The Amazon EC2 Console will walk you through the steps to launch the AMI. It is typically sufficient to accept all the default selections while launching the instance.
Once the Configserver instance is running, you will need to setup the Configserver service on the instance.
From the Amazon EC2 console, locate the newly launched instance (from the Launching the Configserver in EC2 section above). You will need a few pieces of information before proceeding:
- The public DNS name for the instance
- The key pair used when launching the instance
Next, log into the instance using the public DNS name and the private key:
$> ssh -i ${private_key} root@${ec2_public_dns_name}Once you are logged in, you can execute the Configserver setup script:
$> aeolus-configserver-setupSee below for an example of running the script on an actual EC2 instance.
[root@localhost ~]# aeolus-configserver-setup
This script will help you configure Apache as a proxy for a Config Server.
Typically this is only useful if you are not familiar with Apache
configurations and modules, specifically with mod_proxy, mod_auth_basic, and
mod_ssl.
Also, this configuration tool assumes that you are not currently running Apache
for any purposes on this server. This configuration tool will create a Named
Virtual Host for *:443. If this server is currently using Apache to serve
secure pages on port 443, then this tool should not be used.

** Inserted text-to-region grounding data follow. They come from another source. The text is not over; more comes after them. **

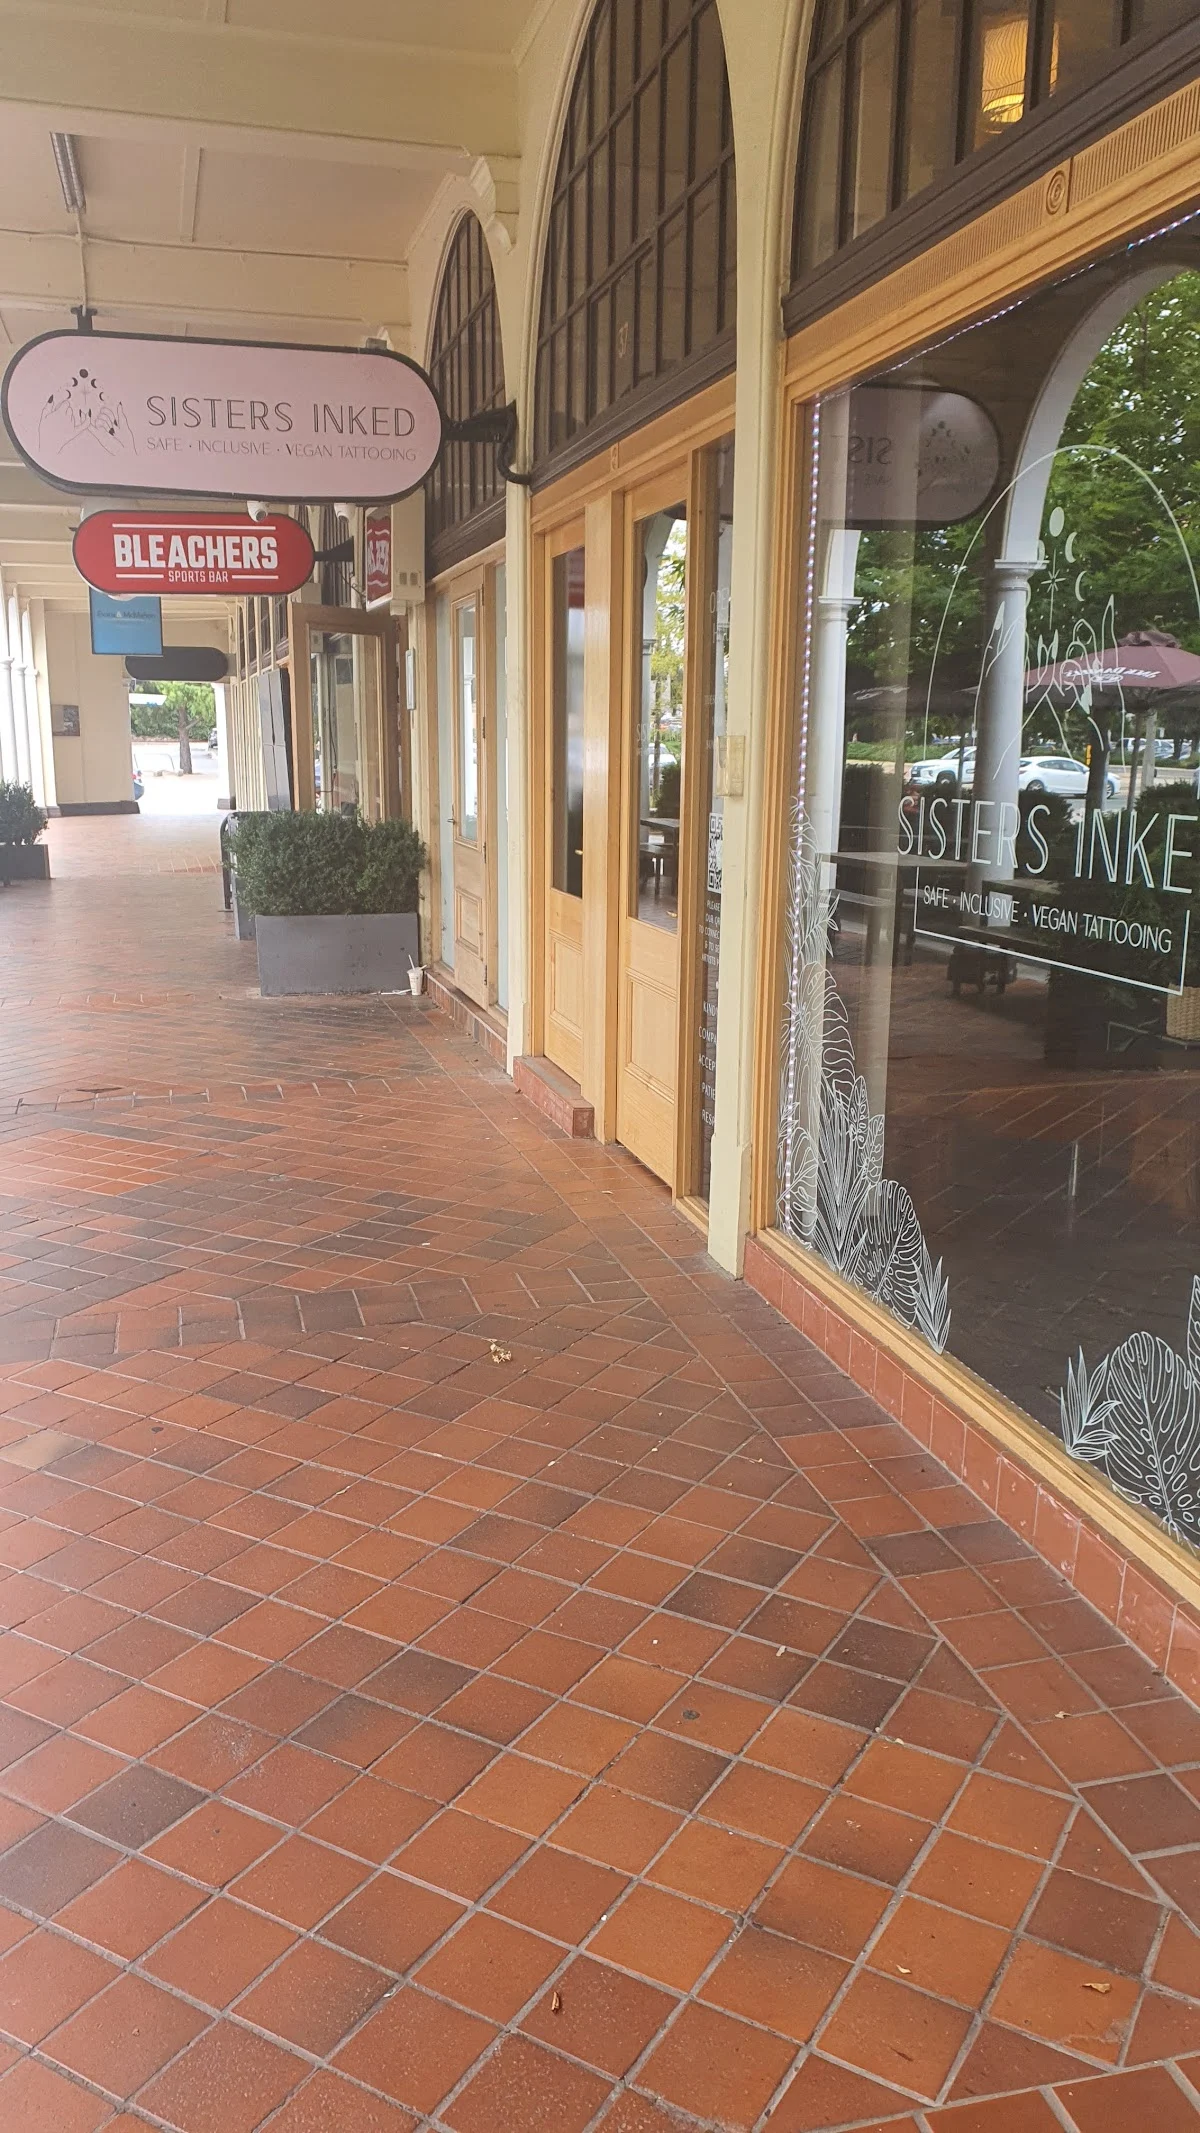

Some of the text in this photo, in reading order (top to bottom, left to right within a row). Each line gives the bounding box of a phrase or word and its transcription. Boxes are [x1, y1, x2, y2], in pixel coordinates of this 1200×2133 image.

[146, 395, 416, 437] SISTERS INKED
[147, 437, 417, 462] SAFE INCLUSIVE VEGAN TATTOOING
[113, 534, 278, 570] BLEACHERS
[168, 570, 229, 583] SPORTS BAR
[896, 796, 1199, 894] SISTERS INKE
[923, 885, 1172, 954] SAFE INCLUSIVE VEGAN TATTOOING
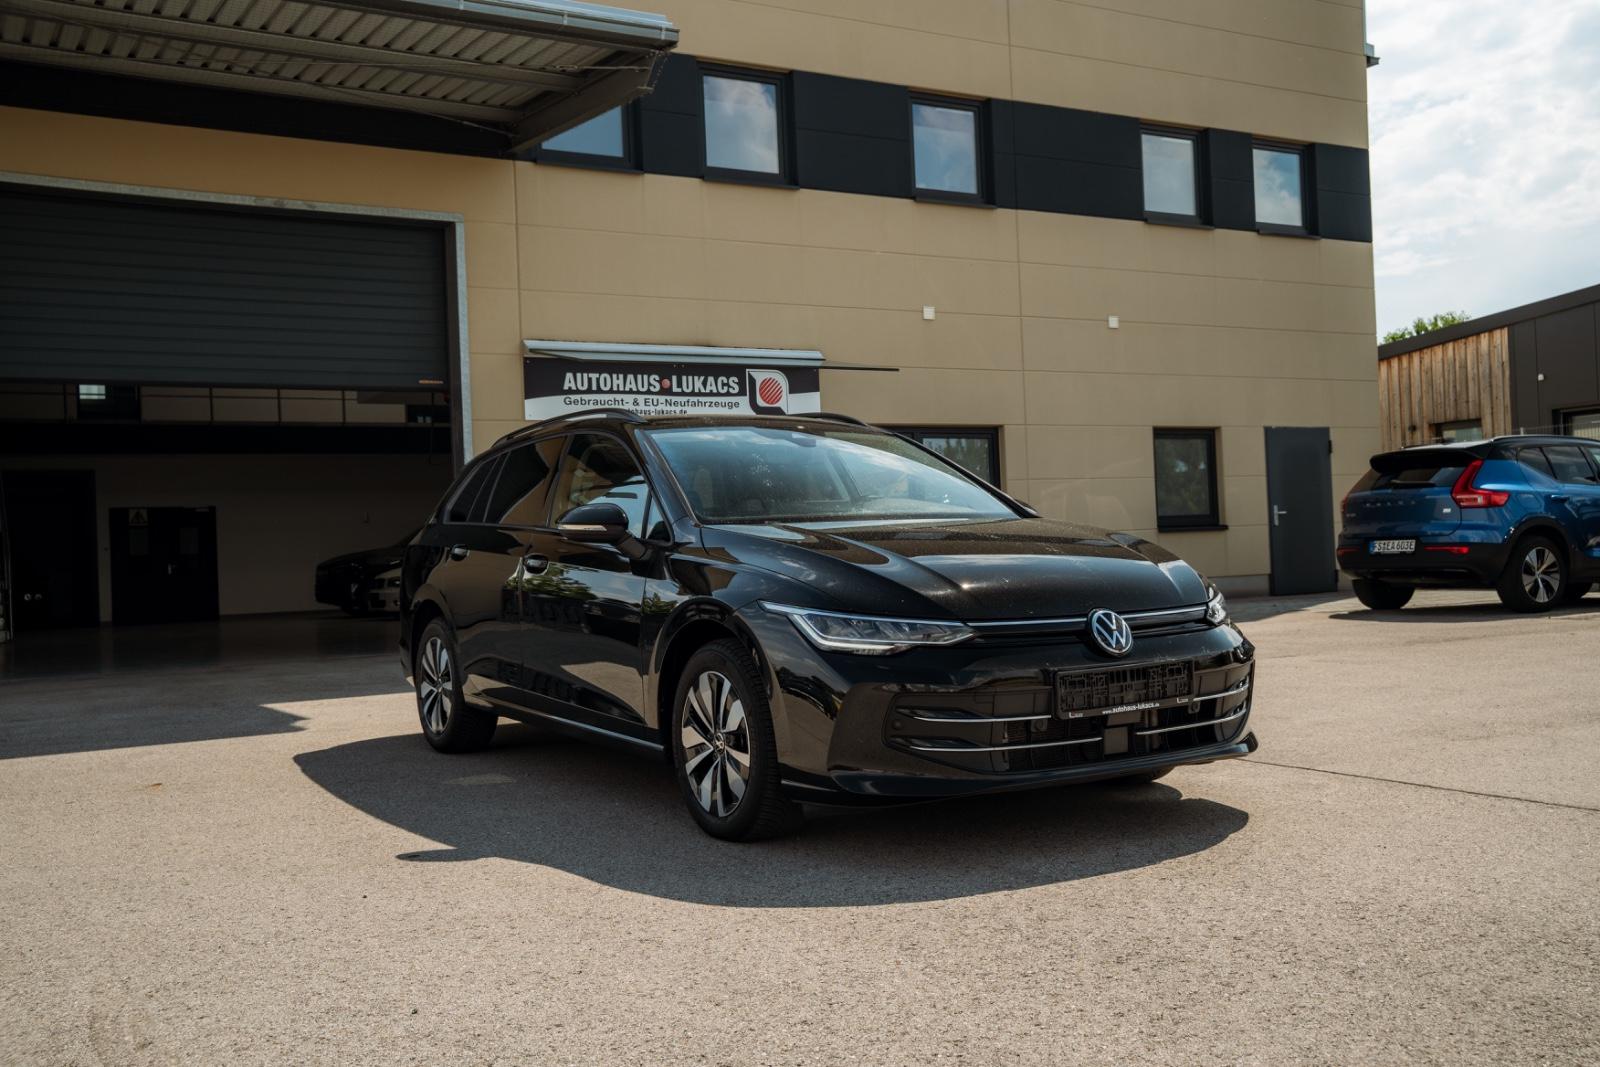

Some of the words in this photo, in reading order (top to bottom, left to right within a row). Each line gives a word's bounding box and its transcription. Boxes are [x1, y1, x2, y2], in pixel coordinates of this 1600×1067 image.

[563, 372, 661, 392] AUTOHAUS
[672, 375, 740, 394] LUKACS
[563, 396, 630, 407] Gebraucht-
[632, 398, 640, 407] &
[644, 398, 740, 409] EU-Neufahrzeuge
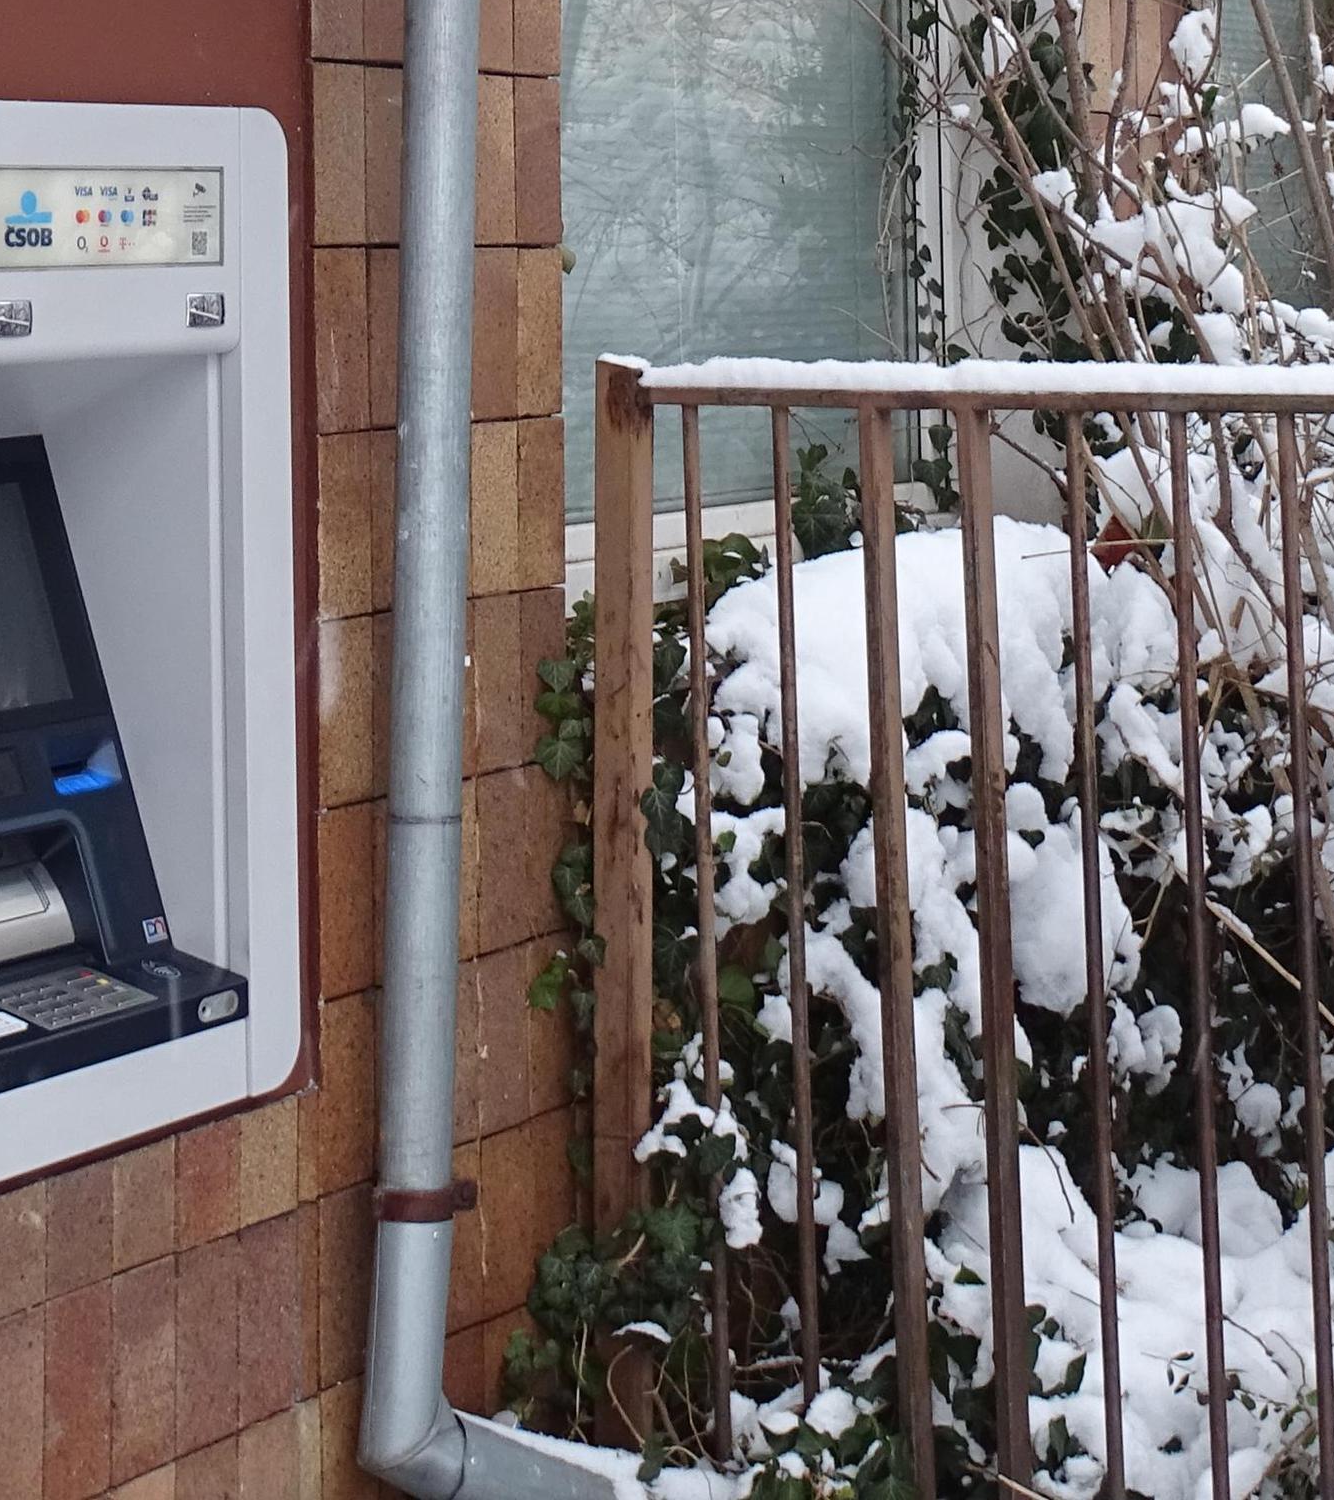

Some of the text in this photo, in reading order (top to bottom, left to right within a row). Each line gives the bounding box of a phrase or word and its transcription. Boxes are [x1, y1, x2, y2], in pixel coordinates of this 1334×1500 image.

[74, 186, 93, 197] VISA
[100, 185, 118, 197] VISA
[4, 226, 53, 248] ČSOB
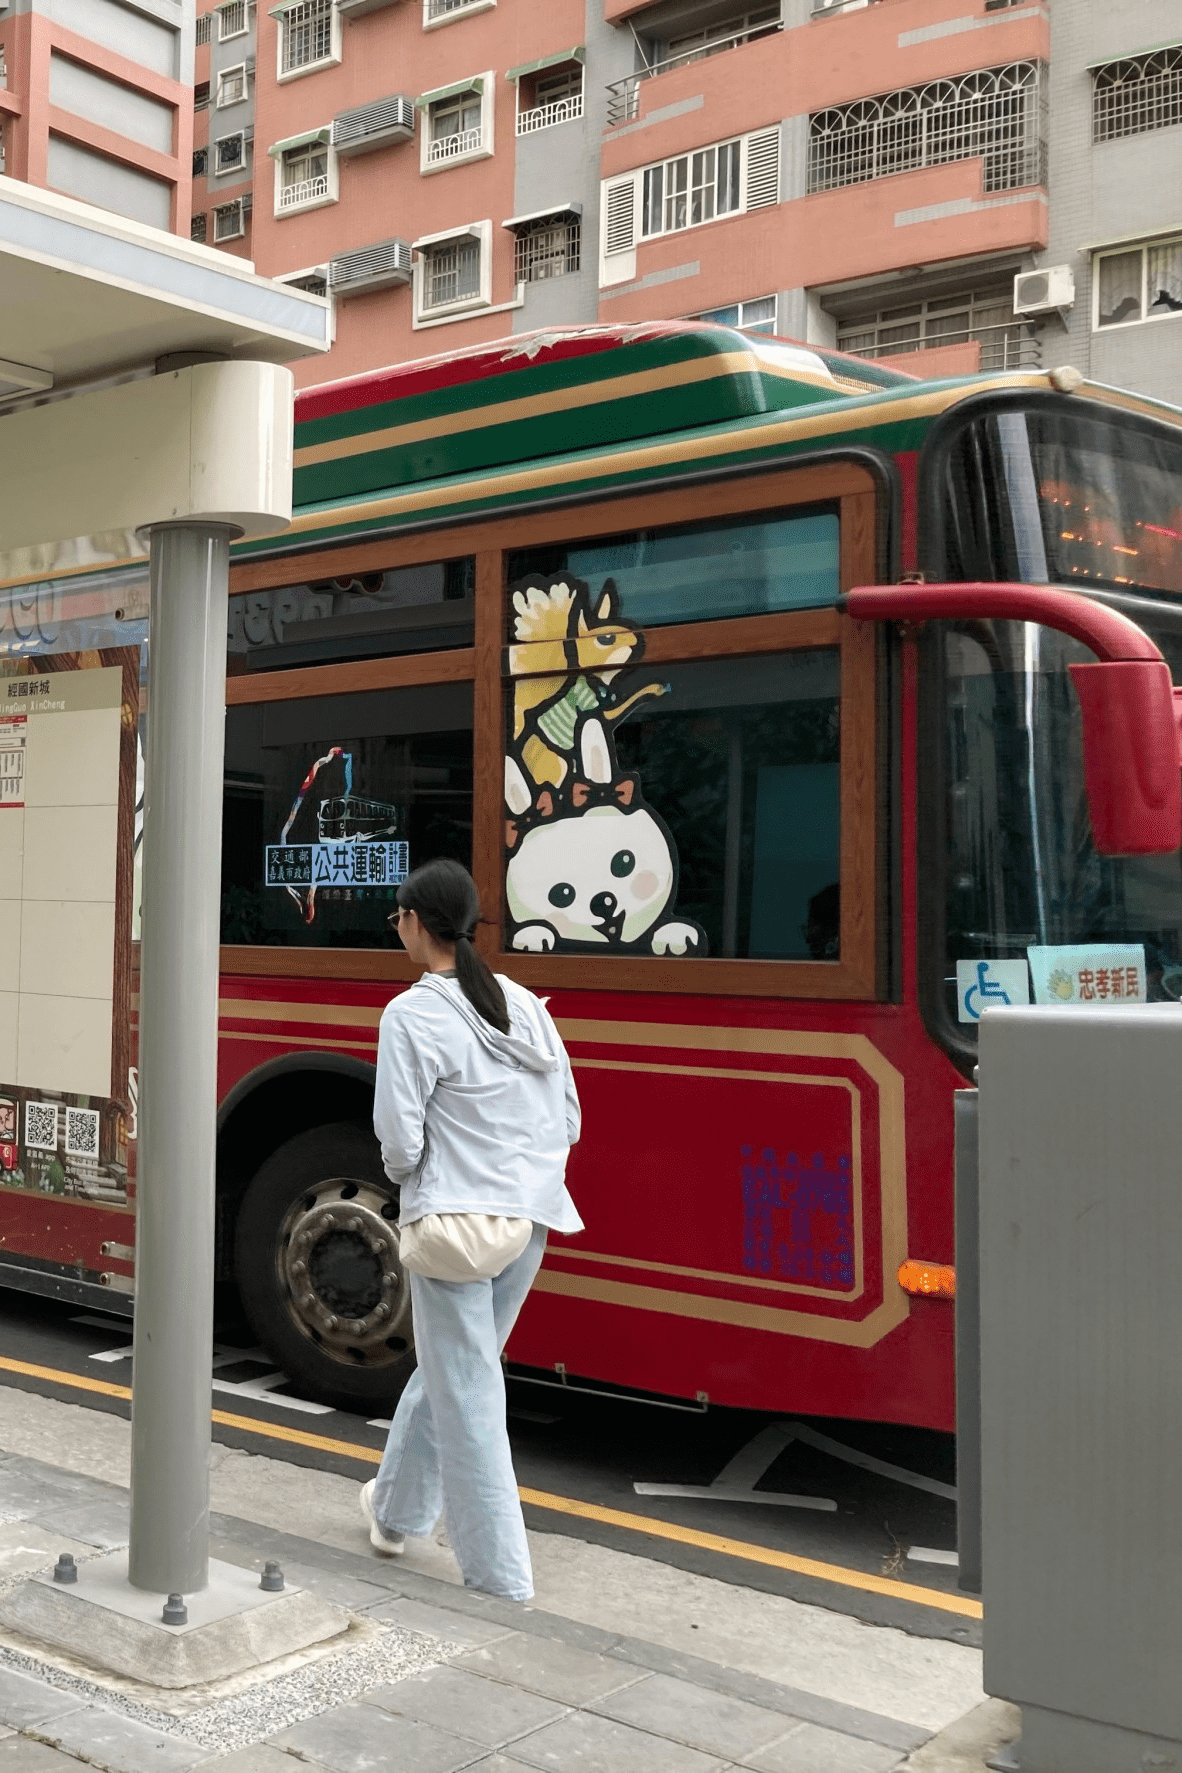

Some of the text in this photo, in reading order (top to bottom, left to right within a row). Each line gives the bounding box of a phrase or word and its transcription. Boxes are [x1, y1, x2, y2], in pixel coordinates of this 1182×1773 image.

Do you wish to continue [y/N]: y
Please provide the web application URL where the Config Server is currently
running on this server. If the Config Server was installed from an RPM, then
this will typically be:
http://localhost:4567/
The provided URL should be a fully qualified URL, providing the scheme,
hostname, and port: http://HOSTNAME:PORT/
Enter the application URL [http://localhost:4567/]:
Root context: /
App URL: http://localhost:4567/
Conductor Auth Key: 206251912458234717300511
Conductor Auth Secret: NUkrZIZIVGWmzfE1oPDdtDdohiPfYGyGGba06WaaMM8vQNry
\n\n*** You need to add this config server information to a ***
*** provider account in conductor. ***
running: echo | /usr/bin/puppet --modulepath /usr/share/aeolus-configserver/configure/puppet/modules --external_nodes /tmp/tmp.RFE8RDtzj8 --node_terminus exec
notice: /Stage[main]/Configserver/Service[configserver]/ensure: ensure changed 'stopped' to 'running'
notice: /Stage[main]/Apache::Ssl/Exec[config-iptables-for-443]/returns: executed successfully
notice: /Stage[main]/Apache::Ssl/File[vhost-443-addl]/ensure: created
notice: /Stage[main]/Apache::Ssl/Exec[pk-gen]/returns: executed successfully
notice: /Stage[main]/Apache::Ssl/Exec[sign-request]/returns: executed successfully
notice: /Stage[main]/Apache::Ssl/Exec[cert]/returns: executed successfully
notice: /Stage[main]/Apache::Ssl/File[vhost-443]/ensure: created
notice: /Stage[main]/Apache::Base/Exec[graceful-apache]: Triggered 'refresh' from 3 events
notice: /Stage[main]/Configserver/File[/var/lib/aeolus-configserver/configs/]/ensure: created
notice: /Stage[main]/Configserver/File[/var/lib/aeolus-configserver/configs/oauth/]/ensure: created
notice: /Stage[main]/Configserver/File[/var/lib/aeolus-configserver/configs/oauth/206251912458234717300511]/ensure: defined content as '{md5}8d4bc196bc7d7285ff13497b070068f0'
notice: Finished catalog run in 2.46 seconds
There are a few of points to make about the Configserver setup script. The script prompts you for two pieces of information: Do you wish to continue [y/N] and Enter the application URL [http://localhost:4567/].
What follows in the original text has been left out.